From the line with "this 1280×1706 image." through the final line of the entries below, write out each line exactly and nothing else.

[Information shown]

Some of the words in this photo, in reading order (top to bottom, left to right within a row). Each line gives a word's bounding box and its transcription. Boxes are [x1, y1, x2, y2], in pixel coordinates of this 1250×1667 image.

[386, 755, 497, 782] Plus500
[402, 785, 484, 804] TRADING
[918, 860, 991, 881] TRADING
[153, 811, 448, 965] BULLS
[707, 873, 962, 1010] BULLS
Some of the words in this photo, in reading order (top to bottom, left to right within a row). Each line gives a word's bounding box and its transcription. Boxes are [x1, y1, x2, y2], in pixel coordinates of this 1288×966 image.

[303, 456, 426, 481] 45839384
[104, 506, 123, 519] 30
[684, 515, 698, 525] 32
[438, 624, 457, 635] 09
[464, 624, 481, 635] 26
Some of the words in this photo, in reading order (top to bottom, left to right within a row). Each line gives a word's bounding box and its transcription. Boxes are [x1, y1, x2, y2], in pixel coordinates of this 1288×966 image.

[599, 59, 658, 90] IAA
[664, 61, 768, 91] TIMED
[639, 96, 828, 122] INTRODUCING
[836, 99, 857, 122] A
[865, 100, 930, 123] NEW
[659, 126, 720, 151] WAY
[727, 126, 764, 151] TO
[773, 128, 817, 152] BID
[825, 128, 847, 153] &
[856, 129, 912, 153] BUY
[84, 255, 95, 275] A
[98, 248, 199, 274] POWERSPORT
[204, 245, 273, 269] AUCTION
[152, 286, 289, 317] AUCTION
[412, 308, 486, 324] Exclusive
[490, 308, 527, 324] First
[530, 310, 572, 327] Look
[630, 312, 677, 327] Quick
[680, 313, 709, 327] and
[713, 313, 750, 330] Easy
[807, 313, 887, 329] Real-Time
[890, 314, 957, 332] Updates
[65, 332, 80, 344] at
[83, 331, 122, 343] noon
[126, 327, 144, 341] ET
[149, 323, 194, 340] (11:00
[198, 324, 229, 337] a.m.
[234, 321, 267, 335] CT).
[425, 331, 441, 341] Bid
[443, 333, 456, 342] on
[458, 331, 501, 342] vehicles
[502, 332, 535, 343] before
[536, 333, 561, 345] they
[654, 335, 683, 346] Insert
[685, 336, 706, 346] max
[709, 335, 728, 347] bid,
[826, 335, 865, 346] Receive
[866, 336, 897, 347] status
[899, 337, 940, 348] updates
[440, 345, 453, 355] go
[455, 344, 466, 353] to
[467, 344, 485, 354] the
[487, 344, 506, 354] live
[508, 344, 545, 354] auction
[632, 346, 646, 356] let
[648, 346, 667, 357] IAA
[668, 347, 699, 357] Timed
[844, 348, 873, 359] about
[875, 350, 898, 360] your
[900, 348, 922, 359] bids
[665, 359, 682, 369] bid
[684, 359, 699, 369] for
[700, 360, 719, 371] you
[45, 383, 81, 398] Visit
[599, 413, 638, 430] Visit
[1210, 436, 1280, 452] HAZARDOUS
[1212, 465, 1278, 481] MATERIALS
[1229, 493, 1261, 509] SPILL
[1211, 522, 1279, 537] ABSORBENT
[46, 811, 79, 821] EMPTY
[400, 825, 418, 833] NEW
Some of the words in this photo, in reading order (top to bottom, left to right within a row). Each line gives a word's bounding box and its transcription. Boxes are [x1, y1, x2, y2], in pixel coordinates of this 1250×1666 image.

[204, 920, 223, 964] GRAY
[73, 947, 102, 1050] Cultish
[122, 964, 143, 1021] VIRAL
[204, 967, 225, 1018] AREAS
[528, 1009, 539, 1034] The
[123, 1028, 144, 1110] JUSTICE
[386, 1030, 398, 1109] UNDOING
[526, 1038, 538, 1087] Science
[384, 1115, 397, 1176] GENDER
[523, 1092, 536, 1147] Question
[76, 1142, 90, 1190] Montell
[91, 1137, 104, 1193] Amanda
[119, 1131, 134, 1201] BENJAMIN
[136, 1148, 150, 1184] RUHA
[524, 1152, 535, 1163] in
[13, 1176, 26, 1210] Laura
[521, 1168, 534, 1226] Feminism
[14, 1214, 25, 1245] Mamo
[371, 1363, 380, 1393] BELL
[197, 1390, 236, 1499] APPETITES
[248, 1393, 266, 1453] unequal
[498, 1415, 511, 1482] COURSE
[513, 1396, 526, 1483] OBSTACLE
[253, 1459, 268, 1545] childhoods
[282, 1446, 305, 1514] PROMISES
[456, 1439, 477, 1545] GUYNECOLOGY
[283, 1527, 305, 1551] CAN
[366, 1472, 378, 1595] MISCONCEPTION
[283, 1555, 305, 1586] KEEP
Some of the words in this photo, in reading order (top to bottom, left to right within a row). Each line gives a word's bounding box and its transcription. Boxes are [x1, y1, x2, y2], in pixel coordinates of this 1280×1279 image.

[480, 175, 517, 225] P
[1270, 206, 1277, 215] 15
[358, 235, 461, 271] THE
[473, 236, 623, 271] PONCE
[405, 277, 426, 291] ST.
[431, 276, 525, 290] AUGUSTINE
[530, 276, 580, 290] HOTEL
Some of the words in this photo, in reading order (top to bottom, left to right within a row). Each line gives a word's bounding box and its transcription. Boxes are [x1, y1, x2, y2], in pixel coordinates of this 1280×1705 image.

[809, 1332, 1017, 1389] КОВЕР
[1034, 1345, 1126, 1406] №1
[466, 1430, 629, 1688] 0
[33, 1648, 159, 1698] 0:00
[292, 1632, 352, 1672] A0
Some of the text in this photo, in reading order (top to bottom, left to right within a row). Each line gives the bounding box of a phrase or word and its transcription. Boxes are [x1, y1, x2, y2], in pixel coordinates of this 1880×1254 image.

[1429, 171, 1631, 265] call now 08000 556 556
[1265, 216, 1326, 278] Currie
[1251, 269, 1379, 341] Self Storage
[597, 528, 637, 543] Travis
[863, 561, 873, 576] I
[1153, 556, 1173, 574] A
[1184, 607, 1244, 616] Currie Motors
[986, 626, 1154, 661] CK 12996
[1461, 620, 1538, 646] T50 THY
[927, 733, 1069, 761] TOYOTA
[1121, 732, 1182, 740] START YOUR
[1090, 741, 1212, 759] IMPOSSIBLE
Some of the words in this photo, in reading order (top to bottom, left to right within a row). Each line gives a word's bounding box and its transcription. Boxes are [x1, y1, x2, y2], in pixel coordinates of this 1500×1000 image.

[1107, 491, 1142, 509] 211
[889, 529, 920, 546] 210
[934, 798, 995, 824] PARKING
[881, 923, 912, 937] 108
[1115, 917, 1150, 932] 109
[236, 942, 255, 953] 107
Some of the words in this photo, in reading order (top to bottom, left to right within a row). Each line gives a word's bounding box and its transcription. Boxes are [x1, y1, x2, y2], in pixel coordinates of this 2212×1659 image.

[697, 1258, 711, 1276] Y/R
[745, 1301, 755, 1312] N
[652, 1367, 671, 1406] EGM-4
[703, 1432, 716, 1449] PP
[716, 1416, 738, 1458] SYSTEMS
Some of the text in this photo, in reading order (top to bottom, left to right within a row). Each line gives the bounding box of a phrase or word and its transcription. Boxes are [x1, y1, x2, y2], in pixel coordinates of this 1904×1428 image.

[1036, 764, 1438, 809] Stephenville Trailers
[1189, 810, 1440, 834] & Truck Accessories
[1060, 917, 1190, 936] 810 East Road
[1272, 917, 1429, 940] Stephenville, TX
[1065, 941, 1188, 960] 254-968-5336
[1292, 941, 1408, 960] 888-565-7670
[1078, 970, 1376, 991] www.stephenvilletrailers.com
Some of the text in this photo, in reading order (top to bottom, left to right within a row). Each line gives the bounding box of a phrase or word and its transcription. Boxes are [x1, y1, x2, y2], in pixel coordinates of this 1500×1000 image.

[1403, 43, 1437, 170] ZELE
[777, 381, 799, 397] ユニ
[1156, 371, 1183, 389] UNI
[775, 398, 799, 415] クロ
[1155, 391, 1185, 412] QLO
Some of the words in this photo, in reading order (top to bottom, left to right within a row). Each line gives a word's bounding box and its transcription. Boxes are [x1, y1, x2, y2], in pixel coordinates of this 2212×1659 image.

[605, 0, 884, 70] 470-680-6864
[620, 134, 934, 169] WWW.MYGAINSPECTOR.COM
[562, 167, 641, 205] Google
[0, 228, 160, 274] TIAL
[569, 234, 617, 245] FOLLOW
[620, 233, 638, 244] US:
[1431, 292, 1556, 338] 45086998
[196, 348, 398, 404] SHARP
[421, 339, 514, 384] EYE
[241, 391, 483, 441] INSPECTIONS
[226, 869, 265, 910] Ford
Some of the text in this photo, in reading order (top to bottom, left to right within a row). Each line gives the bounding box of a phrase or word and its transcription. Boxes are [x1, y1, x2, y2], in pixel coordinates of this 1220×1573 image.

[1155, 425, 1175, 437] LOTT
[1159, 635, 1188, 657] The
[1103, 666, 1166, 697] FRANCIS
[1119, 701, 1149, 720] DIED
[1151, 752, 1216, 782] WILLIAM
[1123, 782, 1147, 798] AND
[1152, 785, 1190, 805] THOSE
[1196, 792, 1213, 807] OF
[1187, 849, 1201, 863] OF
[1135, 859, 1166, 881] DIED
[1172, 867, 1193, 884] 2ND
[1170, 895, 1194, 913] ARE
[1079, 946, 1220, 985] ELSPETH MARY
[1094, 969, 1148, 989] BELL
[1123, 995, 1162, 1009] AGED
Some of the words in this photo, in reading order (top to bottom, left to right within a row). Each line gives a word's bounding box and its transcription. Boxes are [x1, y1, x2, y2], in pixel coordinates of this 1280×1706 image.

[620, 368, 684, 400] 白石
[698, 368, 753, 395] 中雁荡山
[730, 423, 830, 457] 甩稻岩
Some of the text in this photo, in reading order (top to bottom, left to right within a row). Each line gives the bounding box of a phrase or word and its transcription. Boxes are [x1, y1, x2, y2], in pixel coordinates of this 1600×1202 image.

[/Information shown]

## Response for this exercise:
Some of the words in this photo, in reading order (top to bottom, left to right within a row). Each line gives a word's bounding box and its transcription. Boxes are [x1, y1, x2, y2], in pixel coordinates of this 1280×1706 image.

[620, 368, 684, 400] 白石
[698, 368, 753, 395] 中雁荡山
[730, 423, 830, 457] 甩稻岩
Some of the text in this photo, in reading order (top to bottom, left to right within a row). Each line gives the bounding box of a phrase or word and its transcription. Boxes are [x1, y1, x2, y2], in pixel coordinates of this 1600×1202 image.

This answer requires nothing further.